Recipe for Change: Many second-chance-oriented organizations kick into gear when an inmate is released from prison. Not so with Recipe For Change, which operates within the confines of Chicago’s Cook County Jail. That’s where Napoli native Bruno Abate, a classically-trained chef who runs an upscale Italian restaurant called Tocco, doles out tough love and culinary training to a few dozen inmates at a time, in advance of their release and re-entry into the workforce.

To hear Abate explain how the program came to be is to settle in for a long and rather winding story, involving a nighttime vision, several chance run-ins with Chicago’s top lawmakers, and a few interrupted pilot programs. Abate doesn’t have a legal or nonprofit background, but he believes strongly in the power of redemption: “Everyone deserves a second chance, third chance, fourth chance. Life is a chance. Why don’t these guys have a chance to do something good with their life?”

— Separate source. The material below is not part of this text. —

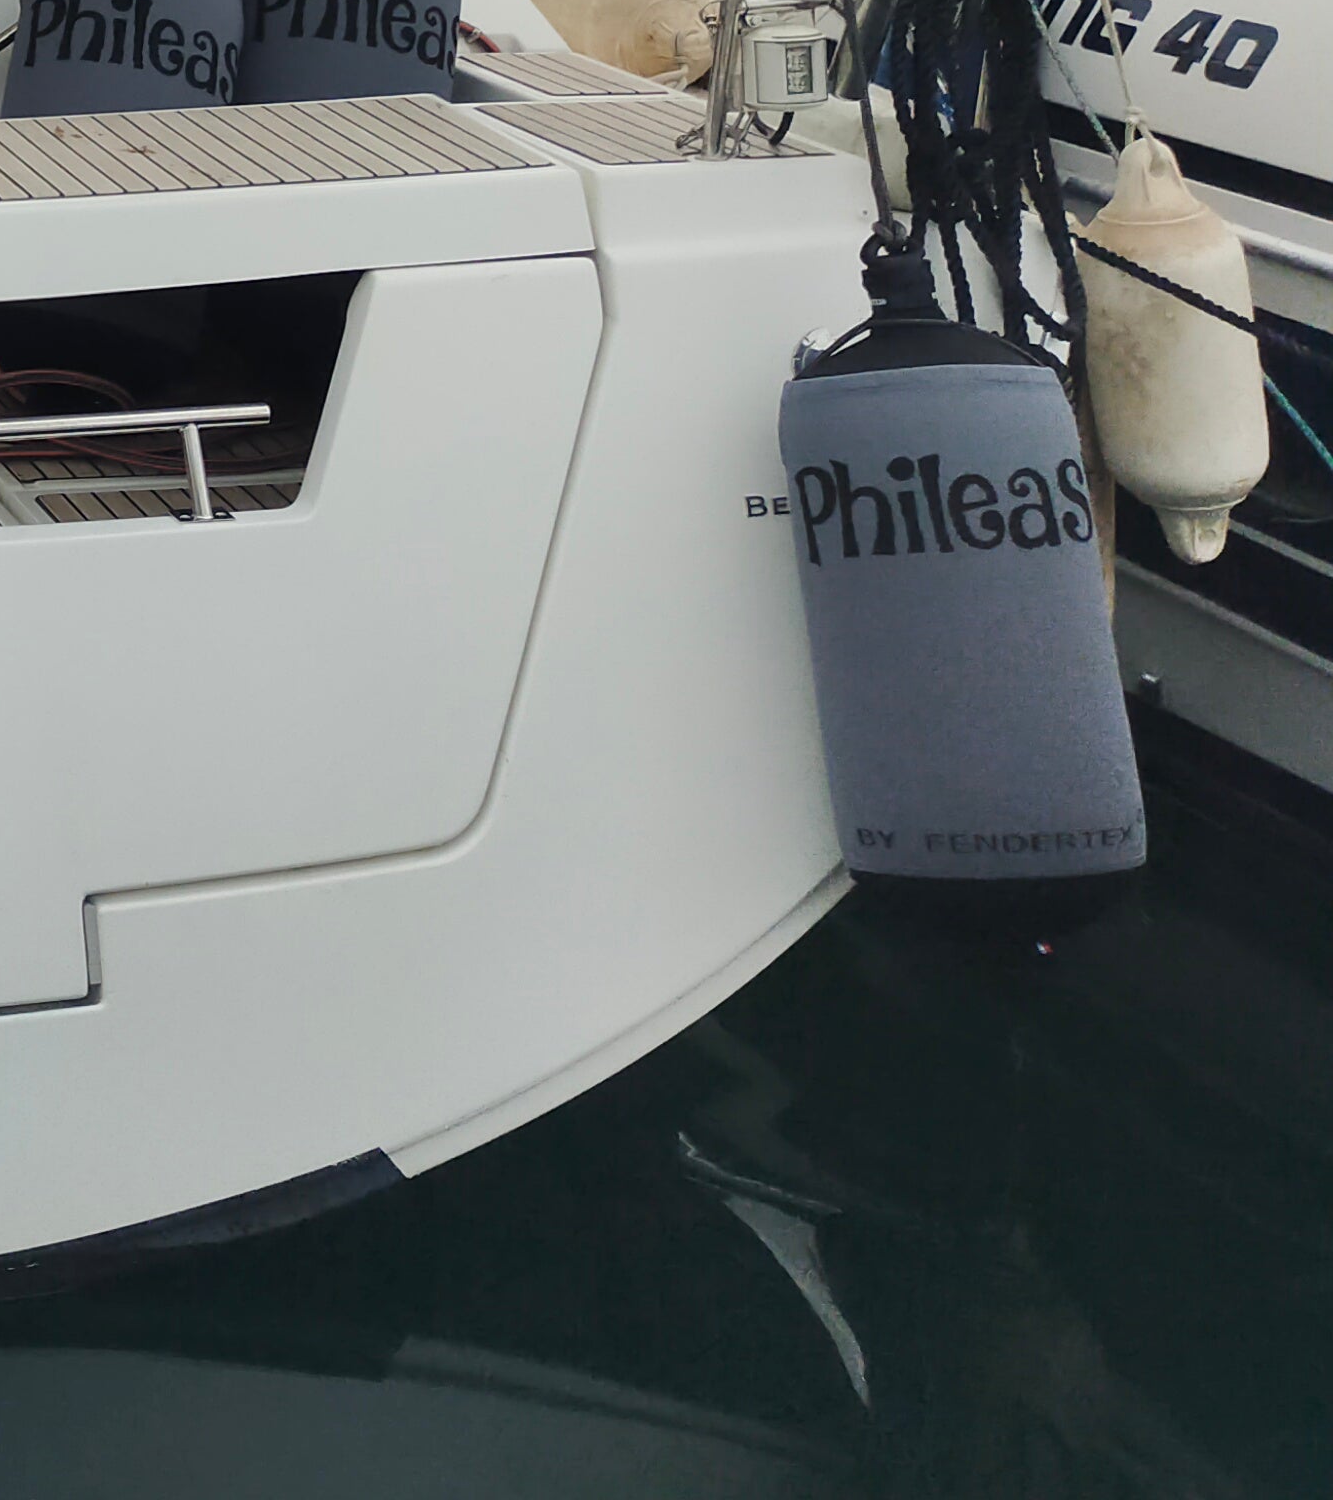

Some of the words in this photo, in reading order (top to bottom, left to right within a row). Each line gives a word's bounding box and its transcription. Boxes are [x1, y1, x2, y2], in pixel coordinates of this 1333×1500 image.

For Abate, food is a vehicle for larger life lessons. The program itself covers basics like food safety and sanitation, along with skills and technique, and recipes for a variety of Italian dishes that are a serious improvement over the jail’s cafeteria offerings. Inmates must apply into the strictly monitored program, and once they’re there, they might stay anywhere from two months or two years, depending on their release status and behavior.

“We’re here to help, but our mission is to change you,” says Abate. “Change in mindset, change in skill sets, and ultimately a change in the lifestyle that brought these guys into the Cook County correctional system.” By encouraging this metamorphosis, believing in the potential of his students and serving as their mentor, Abate hopes to reduce the chance that they’ll wind up returning to jail. He’s hired recent releases to work on staff at Tocco, and helps others find jobs at nearby restaurants (to date, Recipe for Change has seen about 200 graduates). His next dream is to create what he calls a “Decompression Center,” a sort of post-release, pre-independent living complex where ex-convicts can live and work in an on-site cafe for a few months following their release.

“You lose everything when you’re in prison -- you become a number. So I go really deep with these guys,” says Abate of his curriculum, which also includes lessons on everything from personal finance to basic etiquette. “A lot of people think the job is the solution, but before the job, these people need their dignity back. After that, they can be like everyone else and succeed.”